WHAT THE TASK REQUIRES »
The span to copy runs from the line containing "this 1200×1600 image." to the last line below. Copy it exactly, with nothing else.

Dataset items »
== == ==

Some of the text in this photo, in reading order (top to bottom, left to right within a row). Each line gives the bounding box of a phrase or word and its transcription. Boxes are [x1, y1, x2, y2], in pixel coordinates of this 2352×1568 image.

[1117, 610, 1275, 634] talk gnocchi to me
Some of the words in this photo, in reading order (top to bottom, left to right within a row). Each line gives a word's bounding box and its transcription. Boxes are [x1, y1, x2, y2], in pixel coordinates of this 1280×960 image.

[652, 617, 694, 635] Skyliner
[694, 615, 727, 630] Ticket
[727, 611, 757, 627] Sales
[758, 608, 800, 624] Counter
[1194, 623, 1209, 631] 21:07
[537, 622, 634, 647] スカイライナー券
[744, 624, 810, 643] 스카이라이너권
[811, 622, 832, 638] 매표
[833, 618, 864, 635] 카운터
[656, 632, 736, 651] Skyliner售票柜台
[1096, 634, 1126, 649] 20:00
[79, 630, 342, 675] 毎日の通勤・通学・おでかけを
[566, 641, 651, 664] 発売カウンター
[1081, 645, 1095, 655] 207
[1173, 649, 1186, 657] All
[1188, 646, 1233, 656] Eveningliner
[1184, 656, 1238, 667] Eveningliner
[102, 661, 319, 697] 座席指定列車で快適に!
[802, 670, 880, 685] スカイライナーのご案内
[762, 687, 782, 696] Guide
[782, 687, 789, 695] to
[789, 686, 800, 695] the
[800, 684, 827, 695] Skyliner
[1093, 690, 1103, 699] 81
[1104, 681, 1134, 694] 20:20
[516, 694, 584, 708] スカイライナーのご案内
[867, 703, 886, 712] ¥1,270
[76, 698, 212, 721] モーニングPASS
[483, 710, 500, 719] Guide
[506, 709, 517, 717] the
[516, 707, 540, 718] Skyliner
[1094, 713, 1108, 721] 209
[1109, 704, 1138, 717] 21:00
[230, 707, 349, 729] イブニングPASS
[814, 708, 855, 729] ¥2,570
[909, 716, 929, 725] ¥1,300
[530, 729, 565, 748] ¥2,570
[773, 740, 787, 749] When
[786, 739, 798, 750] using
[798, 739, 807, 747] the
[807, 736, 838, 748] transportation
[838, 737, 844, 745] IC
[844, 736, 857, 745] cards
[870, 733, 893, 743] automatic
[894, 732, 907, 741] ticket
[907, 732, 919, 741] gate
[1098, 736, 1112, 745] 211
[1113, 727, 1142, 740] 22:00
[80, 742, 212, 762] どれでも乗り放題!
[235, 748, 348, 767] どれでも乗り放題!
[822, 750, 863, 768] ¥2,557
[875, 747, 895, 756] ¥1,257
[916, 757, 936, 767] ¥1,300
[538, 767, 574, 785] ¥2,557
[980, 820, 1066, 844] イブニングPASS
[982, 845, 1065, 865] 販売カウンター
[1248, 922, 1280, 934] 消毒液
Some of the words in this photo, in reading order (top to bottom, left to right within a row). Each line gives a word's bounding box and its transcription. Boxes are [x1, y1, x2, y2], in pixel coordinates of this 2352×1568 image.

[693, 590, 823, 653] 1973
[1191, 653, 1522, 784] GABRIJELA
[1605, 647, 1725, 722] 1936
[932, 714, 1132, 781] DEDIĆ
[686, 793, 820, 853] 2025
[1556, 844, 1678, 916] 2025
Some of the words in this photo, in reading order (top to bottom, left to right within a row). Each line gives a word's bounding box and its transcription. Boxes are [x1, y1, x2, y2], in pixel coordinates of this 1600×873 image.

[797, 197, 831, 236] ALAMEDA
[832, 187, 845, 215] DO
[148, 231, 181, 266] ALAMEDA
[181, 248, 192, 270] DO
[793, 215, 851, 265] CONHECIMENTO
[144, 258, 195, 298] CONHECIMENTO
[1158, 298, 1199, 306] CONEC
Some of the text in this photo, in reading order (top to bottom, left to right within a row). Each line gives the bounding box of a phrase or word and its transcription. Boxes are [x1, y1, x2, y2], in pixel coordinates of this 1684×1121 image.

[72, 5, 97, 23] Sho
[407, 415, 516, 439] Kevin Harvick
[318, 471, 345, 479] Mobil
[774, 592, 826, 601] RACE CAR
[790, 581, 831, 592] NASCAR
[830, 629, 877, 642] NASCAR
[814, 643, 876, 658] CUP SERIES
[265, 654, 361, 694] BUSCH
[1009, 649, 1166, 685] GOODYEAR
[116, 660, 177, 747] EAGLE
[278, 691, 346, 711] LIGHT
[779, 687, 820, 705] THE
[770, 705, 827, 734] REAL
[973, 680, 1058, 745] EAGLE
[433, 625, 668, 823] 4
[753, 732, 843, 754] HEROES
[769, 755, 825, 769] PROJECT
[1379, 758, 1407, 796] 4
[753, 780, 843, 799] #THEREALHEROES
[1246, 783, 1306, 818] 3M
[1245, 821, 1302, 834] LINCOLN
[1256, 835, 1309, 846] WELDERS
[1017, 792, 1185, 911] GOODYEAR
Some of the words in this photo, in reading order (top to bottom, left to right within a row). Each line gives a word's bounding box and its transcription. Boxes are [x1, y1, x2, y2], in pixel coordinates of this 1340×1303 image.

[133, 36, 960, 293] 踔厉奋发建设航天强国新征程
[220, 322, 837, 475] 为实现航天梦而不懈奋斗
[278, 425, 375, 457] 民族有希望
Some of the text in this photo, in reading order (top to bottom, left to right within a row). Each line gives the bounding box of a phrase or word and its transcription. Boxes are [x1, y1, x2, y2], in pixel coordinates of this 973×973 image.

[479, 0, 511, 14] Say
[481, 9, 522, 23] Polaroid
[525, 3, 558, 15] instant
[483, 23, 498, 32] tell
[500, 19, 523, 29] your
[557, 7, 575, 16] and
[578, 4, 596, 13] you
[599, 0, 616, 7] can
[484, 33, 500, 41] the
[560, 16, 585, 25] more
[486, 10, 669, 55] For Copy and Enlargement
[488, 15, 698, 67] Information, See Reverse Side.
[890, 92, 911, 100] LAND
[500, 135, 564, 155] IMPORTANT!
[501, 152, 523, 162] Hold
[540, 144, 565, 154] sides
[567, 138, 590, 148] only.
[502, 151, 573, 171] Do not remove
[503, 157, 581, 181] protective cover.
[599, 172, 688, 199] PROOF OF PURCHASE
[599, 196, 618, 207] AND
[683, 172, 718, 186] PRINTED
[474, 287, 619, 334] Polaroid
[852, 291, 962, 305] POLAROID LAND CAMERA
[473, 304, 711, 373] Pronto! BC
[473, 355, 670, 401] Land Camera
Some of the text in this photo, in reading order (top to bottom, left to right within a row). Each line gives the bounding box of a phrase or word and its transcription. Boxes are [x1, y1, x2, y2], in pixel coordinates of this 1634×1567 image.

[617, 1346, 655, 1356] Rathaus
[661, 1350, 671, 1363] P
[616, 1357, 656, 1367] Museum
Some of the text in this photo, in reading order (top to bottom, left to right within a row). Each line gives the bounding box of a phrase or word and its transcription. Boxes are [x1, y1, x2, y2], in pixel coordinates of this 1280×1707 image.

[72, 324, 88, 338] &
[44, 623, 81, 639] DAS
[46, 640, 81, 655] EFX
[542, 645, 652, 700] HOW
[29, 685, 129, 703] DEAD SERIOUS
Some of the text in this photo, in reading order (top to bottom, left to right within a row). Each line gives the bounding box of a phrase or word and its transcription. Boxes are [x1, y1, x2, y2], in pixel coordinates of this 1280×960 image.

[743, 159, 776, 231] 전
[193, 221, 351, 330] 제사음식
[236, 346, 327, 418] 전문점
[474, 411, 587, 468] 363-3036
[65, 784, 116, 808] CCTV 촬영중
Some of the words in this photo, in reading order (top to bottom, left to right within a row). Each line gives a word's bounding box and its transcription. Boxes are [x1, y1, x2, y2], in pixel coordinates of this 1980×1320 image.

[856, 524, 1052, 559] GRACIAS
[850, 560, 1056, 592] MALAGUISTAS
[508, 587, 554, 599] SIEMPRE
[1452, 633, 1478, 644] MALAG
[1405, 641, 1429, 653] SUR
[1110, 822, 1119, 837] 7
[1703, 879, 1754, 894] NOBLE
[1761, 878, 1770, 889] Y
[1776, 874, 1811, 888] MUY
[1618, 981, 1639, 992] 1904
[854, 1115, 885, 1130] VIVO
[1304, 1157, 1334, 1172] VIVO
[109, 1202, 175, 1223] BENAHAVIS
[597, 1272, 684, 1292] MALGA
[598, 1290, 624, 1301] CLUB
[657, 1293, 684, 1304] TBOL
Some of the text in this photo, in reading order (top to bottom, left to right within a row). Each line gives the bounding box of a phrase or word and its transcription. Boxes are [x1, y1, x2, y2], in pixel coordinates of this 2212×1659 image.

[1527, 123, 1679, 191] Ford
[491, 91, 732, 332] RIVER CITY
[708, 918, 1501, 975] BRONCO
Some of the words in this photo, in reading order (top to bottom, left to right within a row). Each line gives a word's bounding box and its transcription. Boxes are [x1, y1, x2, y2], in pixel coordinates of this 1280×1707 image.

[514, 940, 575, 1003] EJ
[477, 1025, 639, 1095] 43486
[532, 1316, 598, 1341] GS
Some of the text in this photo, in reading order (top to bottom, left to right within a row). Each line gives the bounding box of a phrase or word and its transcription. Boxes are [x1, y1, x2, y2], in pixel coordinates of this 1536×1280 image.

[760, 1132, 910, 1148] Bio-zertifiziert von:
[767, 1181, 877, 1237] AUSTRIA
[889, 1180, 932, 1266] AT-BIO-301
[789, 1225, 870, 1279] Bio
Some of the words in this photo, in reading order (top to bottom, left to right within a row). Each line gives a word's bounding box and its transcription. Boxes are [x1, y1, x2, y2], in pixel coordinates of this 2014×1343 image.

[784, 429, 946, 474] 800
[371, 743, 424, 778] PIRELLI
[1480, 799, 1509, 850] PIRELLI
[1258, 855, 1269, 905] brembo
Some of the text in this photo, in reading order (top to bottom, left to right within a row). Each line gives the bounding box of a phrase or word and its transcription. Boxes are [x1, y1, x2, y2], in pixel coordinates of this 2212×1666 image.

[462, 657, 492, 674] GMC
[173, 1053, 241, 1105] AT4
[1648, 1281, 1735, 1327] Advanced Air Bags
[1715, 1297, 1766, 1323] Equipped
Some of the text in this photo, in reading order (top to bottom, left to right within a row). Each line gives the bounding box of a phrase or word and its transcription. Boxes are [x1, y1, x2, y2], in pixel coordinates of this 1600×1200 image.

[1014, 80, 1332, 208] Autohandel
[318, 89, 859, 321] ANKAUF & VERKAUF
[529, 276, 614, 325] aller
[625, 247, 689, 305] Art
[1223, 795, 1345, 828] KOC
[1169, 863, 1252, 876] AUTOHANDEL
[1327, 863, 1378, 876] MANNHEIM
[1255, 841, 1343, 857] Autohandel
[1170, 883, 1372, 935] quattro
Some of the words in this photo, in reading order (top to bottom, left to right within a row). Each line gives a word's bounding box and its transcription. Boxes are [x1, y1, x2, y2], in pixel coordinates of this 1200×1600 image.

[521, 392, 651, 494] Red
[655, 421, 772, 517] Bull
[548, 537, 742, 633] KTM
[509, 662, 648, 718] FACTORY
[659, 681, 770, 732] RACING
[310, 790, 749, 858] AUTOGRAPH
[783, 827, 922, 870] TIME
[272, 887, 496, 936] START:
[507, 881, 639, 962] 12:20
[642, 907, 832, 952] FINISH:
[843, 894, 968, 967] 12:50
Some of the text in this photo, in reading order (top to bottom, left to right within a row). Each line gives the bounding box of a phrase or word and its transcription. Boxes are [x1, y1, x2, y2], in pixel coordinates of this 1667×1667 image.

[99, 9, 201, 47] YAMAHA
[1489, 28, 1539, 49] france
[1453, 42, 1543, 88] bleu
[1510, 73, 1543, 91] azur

== == ==

RESULT »
Some of the words in this photo, in reading order (top to bottom, left to right within a row). Each line gives a word's bounding box and its transcription. Boxes are [x1, y1, x2, y2], in pixel coordinates of this 1200×1600 image.

[521, 392, 651, 494] Red
[655, 421, 772, 517] Bull
[548, 537, 742, 633] KTM
[509, 662, 648, 718] FACTORY
[659, 681, 770, 732] RACING
[310, 790, 749, 858] AUTOGRAPH
[783, 827, 922, 870] TIME
[272, 887, 496, 936] START:
[507, 881, 639, 962] 12:20
[642, 907, 832, 952] FINISH:
[843, 894, 968, 967] 12:50
Some of the text in this photo, in reading order (top to bottom, left to right within a row). Each line gives the bounding box of a phrase or word and its transcription. Boxes are [x1, y1, x2, y2], in pixel coordinates of this 1667×1667 image.

[99, 9, 201, 47] YAMAHA
[1489, 28, 1539, 49] france
[1453, 42, 1543, 88] bleu
[1510, 73, 1543, 91] azur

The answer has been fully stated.